Statistically significant values (P ≤ .05) are shown in bold.
Table 4.
Covariate | Mortality by 28 Days | Mortality by 90 Days |
---|---|---|
Adjusted Hazard Ratio (95% Confidence Interval), P Value | ||
Age >65 years | 1.8 (1.3–2.6), <.001 | 1.8 (1.3–2.4), <.001 |
Lung transplant (vs nonlung transplant) | 1.8 (1.1–2.8), .02 | 1.5 (1.0–2.3), .05 |
Comorbidities a | ||
Diabetes mellitus | 1.2 (.8–1.7), .34 | 1.3 (1.0–1.8), .09 |
Heart failure | 1.9 (1.2–3.1), .01 | 1.9 (1.2–2.9), .006 |
Chronic lung disease | 2.4 (1.5–3.7), <.001 | 2.3 (1.5–3.6), <.001 |
Body mass index ≥30 kg/m2 | 1.6 (1.1–2.2), .01 | 1.5 (1.1–2.0), .02 |
Baseline mammalian target of rapamycin inhibitor use | 0.3 (.1–1.0), .05 | 0.5 (.2–1.1), .07 |
Late 2020 (on or after 20 June 2020) | 0.7 (.5–1.0), .04 | 0.9 (.7–1.3), .61 |
Lymphopenia (absolute lymphocyte count <0.5 × 109/L) at presentation | 1.8 (1.3–2.6), <.001 | 1.8 (1.3–2.4), <.001 |
Abnormal chest imaging at presentation | 2.9 (1.5–5.5), .002 | 2.7 (1.6–4.7), <.001 |
Statistically significant values (P ≤ .05) are shown in bold.
DISCUSSION
This large, multicenter study with standardized 90-day follow-up identified the frequency of and risk factors for delayed mortality in SOT recipients hospitalized for COVID-19. Approximately 8% of patients who survived to day 28 following initial positive SARS-CoV-2 test died between days 29 and 90, and more than 20% of deaths within the first 90 days occurred beyond day 28. These data emphasize the importance of extended follow-up in measurements of COVID-19–associated mortality.
Most large observational studies of SOT recipients with COVID-19 assessed mortality within 30 days of diagnosis, did not use a standardized follow-up period, or did not report median follow-up duration [4, 12, 13, 24]. Investigations with limited follow-up periods facilitated rapid reporting early in the pandemic, but mortality estimates based on short or variable follow-up periods are challenging to interpret. In the general population, 90-day mortality in patients hospitalized for COVID-19 ranges from 25% to 30%, with 15% to 25% of all deaths occurring after day 30 [8–11]. In a study of 1680 kidney transplant recipients (65% of whom were hospitalized), mortality at day 90 was 21%, and 22% of all deaths occurred more than 30 days after diagnosis [25]. Another investigation of 707 SOT recipients and 707 propensity-matched non-SOT controls hospitalized for COVID-19 followed patients for 60 days and found that 17% of all deaths occurred beyond day 30 in both SOT and non-SOT patients [26]. Likewise, in a randomized, controlled trial of baricitinib in the general population, 16% of all deaths occurred between 28 and 60 days after randomization [27]. Findings from our study, which focused on recipients of any solid organ who required hospitalization for COVID-19, highlight the significant proportion of patients who die beyond the initial month of observation.

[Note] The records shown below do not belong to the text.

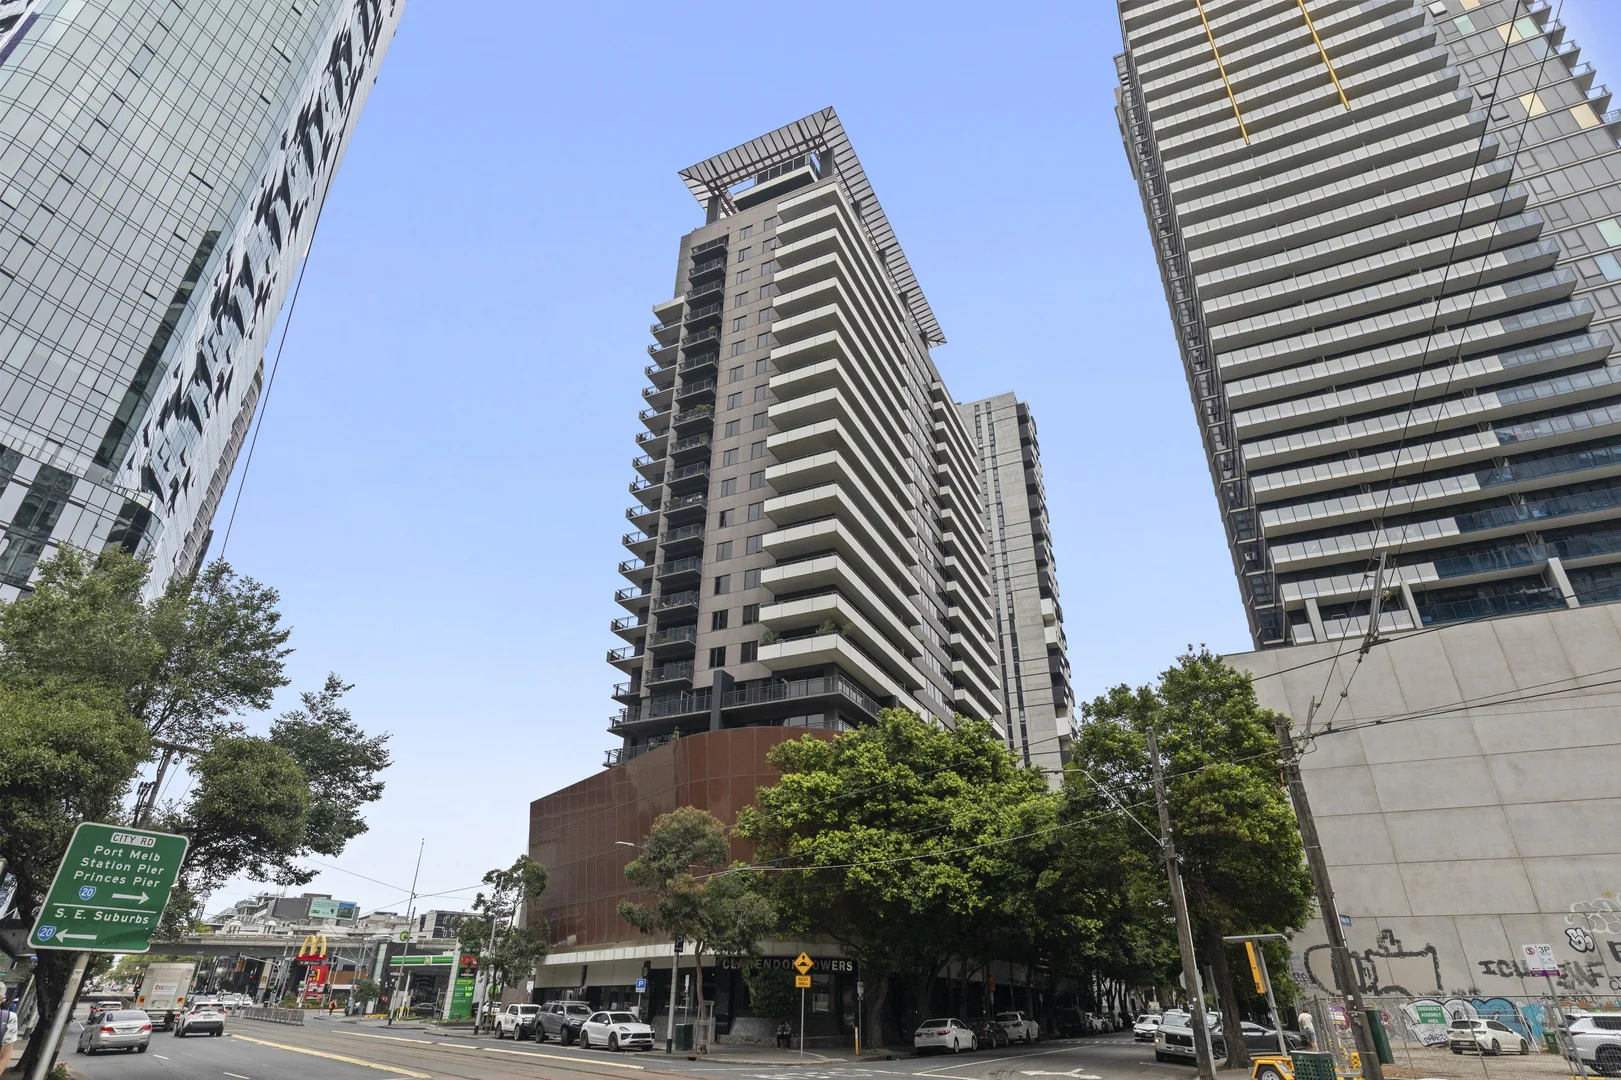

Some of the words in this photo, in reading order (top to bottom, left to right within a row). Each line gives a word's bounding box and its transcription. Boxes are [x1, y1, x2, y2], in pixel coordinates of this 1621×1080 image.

[113, 834, 137, 844] CITY
[140, 838, 154, 846] RD
[94, 846, 123, 857] Port
[129, 850, 161, 862] Melb
[80, 857, 131, 871] Station
[137, 864, 165, 875] Pier
[73, 871, 126, 884] Princes
[133, 876, 160, 888] Pier
[81, 888, 94, 897] 20
[54, 908, 67, 918] S.
[74, 910, 86, 920] E.
[93, 911, 149, 924] Suburbs
[40, 928, 52, 937] 20
[1538, 946, 1550, 954] 3P
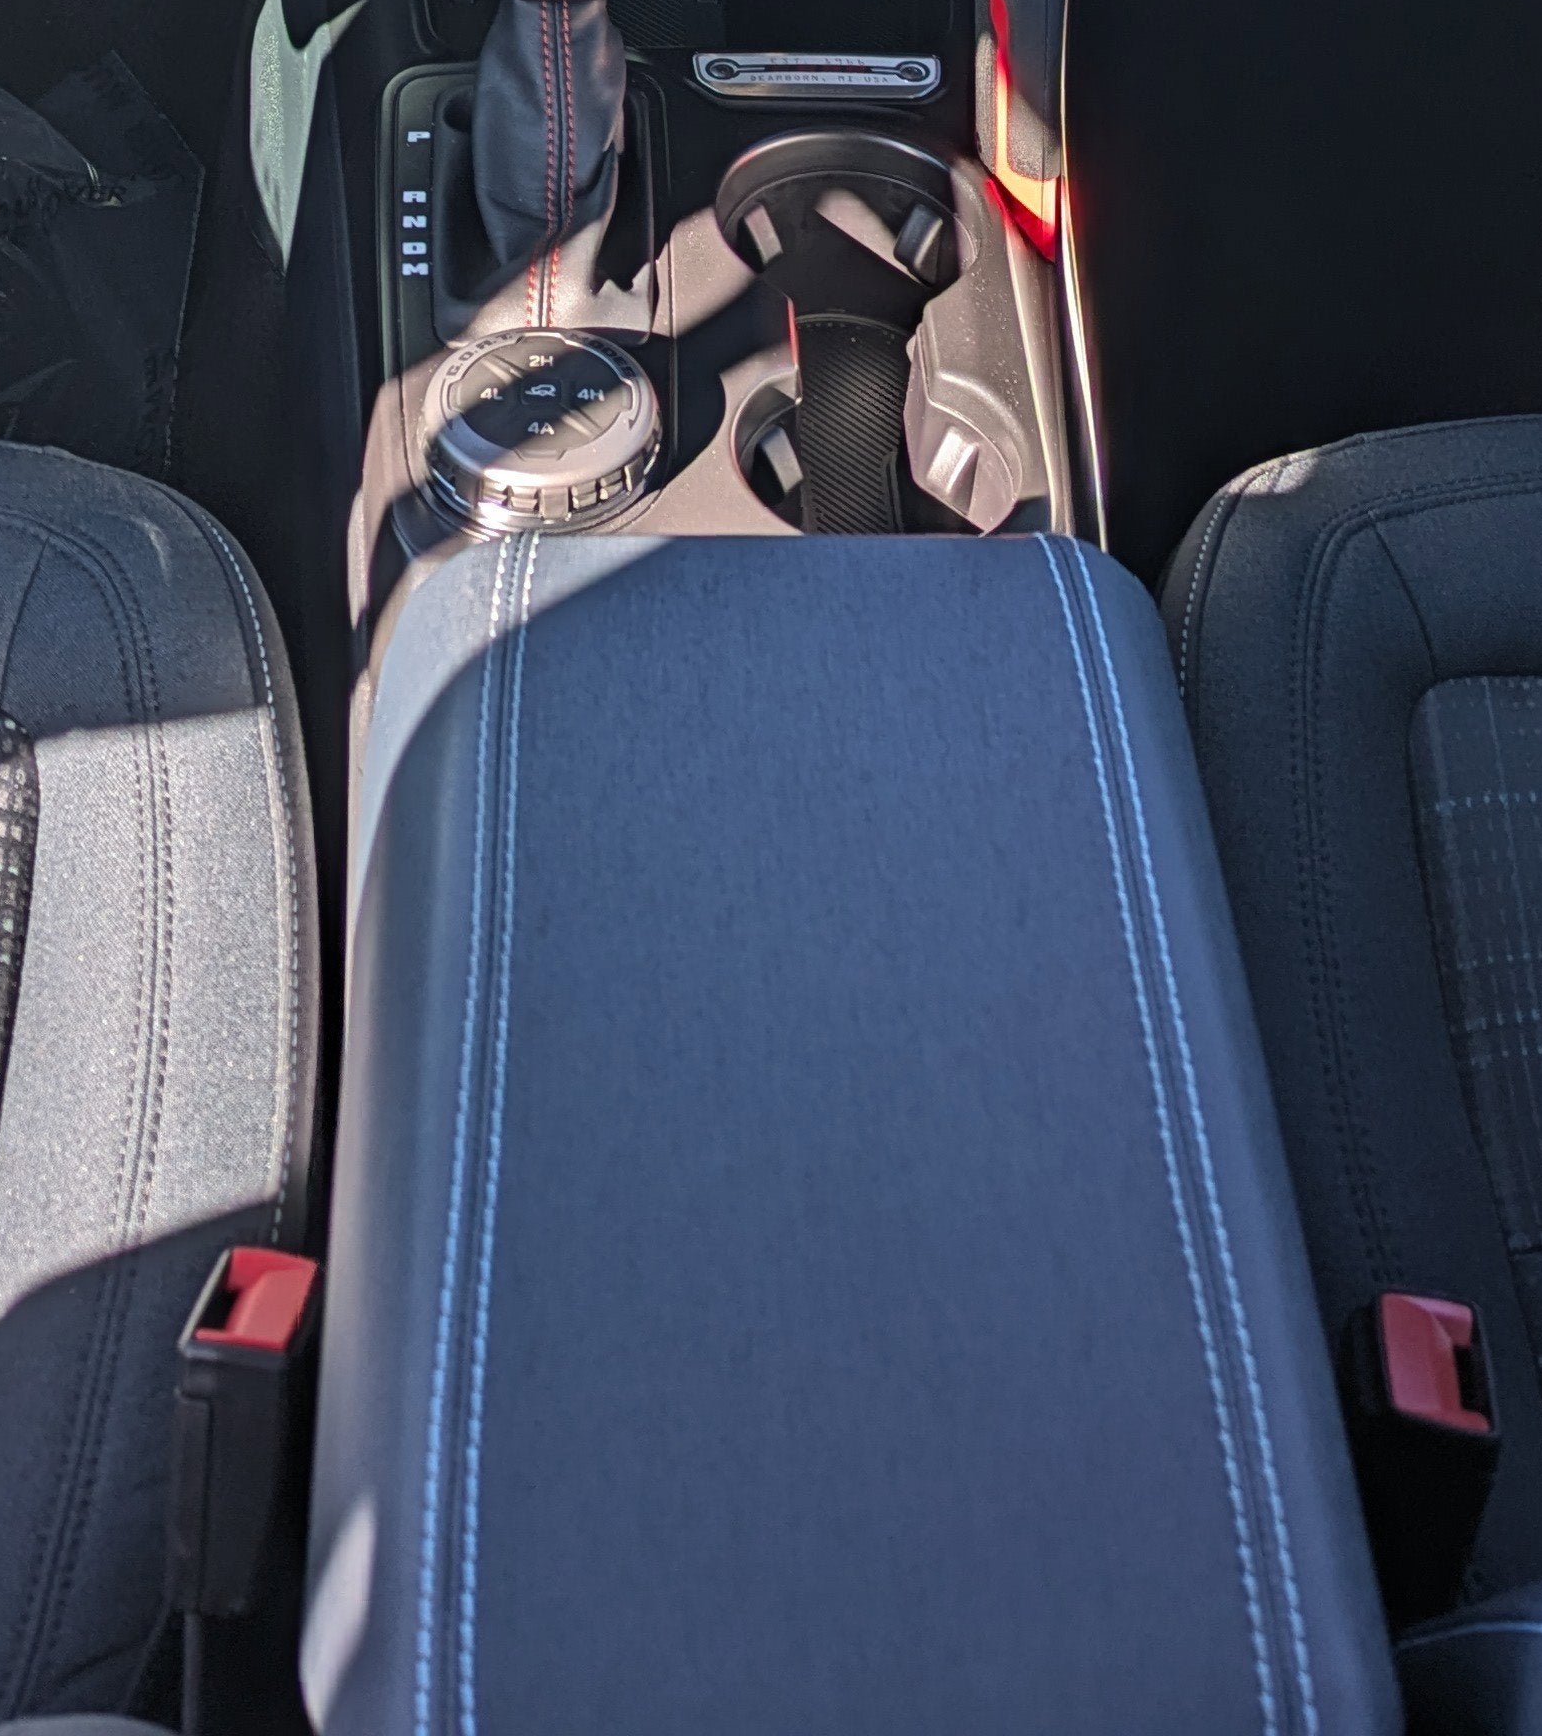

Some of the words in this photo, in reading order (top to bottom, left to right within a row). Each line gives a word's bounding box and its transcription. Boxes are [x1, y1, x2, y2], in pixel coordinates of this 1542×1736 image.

[863, 76, 889, 84] USA
[408, 131, 431, 143] P
[402, 190, 427, 203] R
[402, 215, 427, 228] N
[402, 241, 427, 255] D
[402, 263, 429, 276] M
[529, 356, 554, 368] 2H
[480, 388, 503, 401] 4L
[577, 388, 605, 401] 4H
[528, 422, 555, 436] 4A
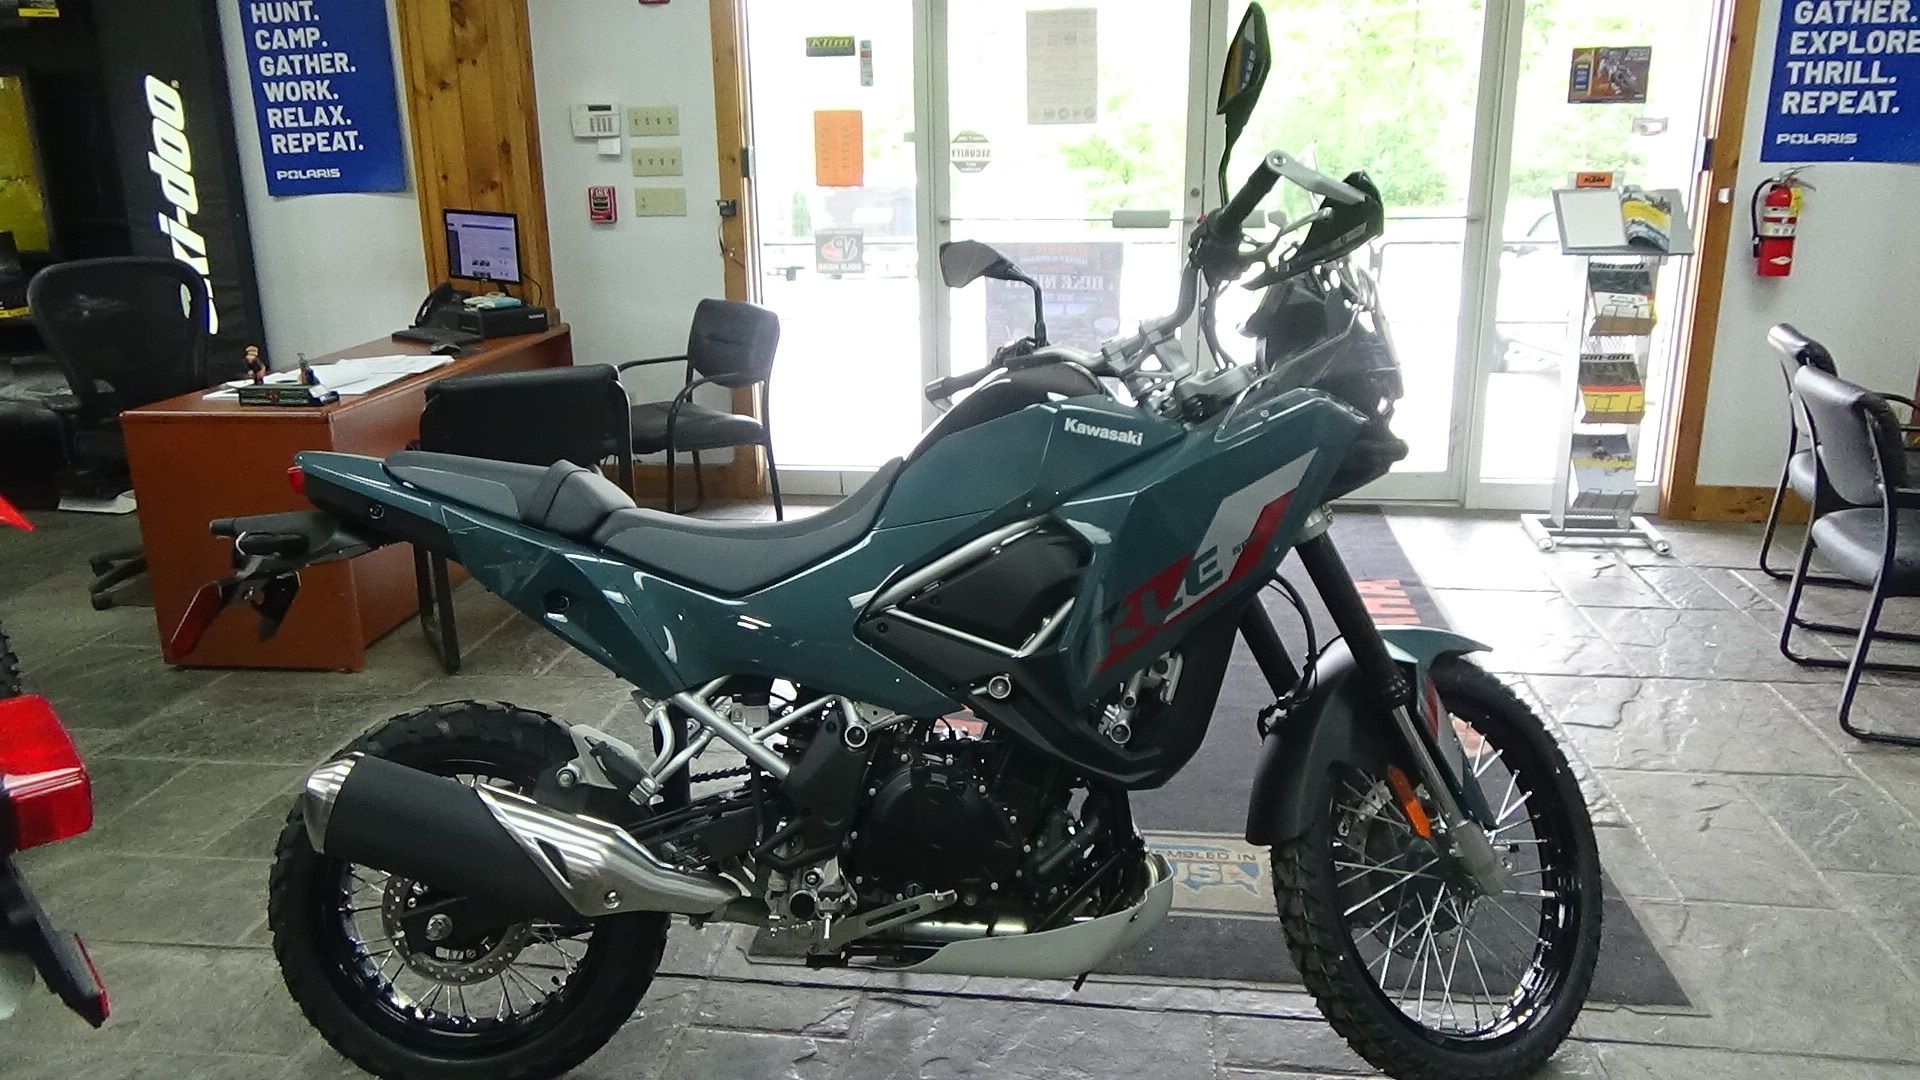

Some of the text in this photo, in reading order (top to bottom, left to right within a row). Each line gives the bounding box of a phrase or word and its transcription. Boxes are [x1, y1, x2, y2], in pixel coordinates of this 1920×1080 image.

[251, 1, 320, 23] HUNT.
[1794, 0, 1918, 24] GATHER.
[255, 27, 328, 50] CAMP.
[259, 52, 356, 76] GATHER.
[1786, 60, 1897, 85] THRILL.
[262, 79, 339, 102] WORK.
[1781, 90, 1900, 115] REPEAT.
[267, 105, 352, 128] RELAX.
[271, 131, 364, 154] REPEAT.
[1775, 132, 1858, 144] POLARIS
[276, 168, 341, 180] POLARIS
[145, 74, 219, 335] ki-doo
[1064, 417, 1144, 446] Kawasaki
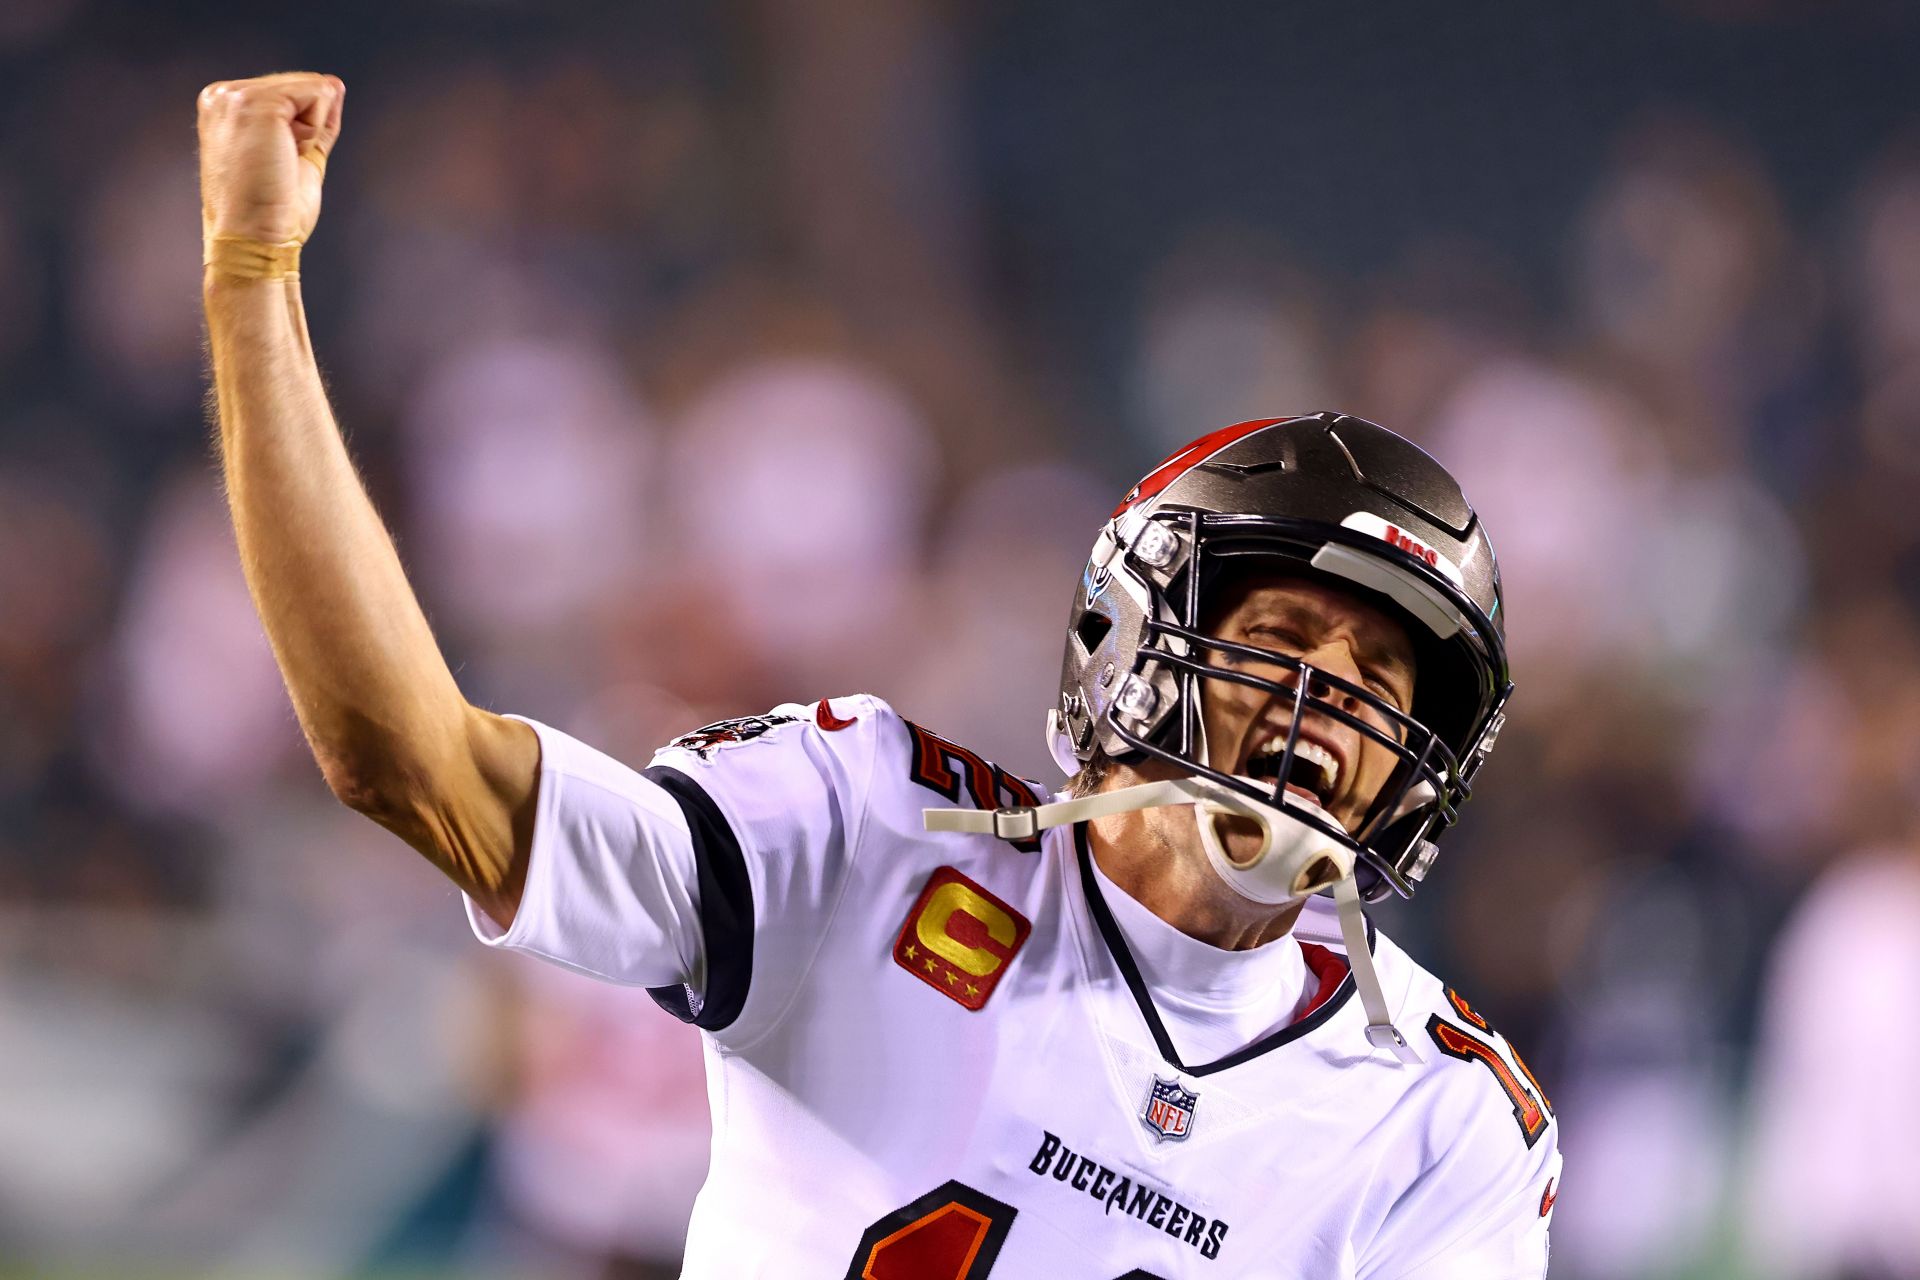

The relatively high proportion of deaths after day 28 in both SOT and non-SOT populations may reflect unique aspects of COVID-19. Compared with patients hospitalized with influenza, patients hospitalized with COVID-19 have significantly longer lengths of stay and are more likely to develop complications of prolonged illness such as catheter-related infections, pressure ulcers, and venous thromboemboli [28, 29]. Thus, fatal and nonfatal sequelae of COVID-19 may manifest relatively late, and prolonged follow-up may be more important in COVID-19–focused studies compared with investigations of other infections.
Most comorbidities identified as risk factors for mortality during the first 28 days were also risk factors for death by 90 days. Diagnosis during late 2020 was associated with lower mortality by day 28 but not by day 90. Such temporal trends could suggest that advances in the care of COVID-19 patients only delay mortality by a matter of days to weeks, although changes in COVID-19 management cannot be causally linked to lower 28-day mortality. Notably, loss to follow-up after day 28 was more common during early 2020 than late 2020, and failure to capture late deaths in patients diagnosed during the early period may have led to the apparent elevation in mortality in the late period.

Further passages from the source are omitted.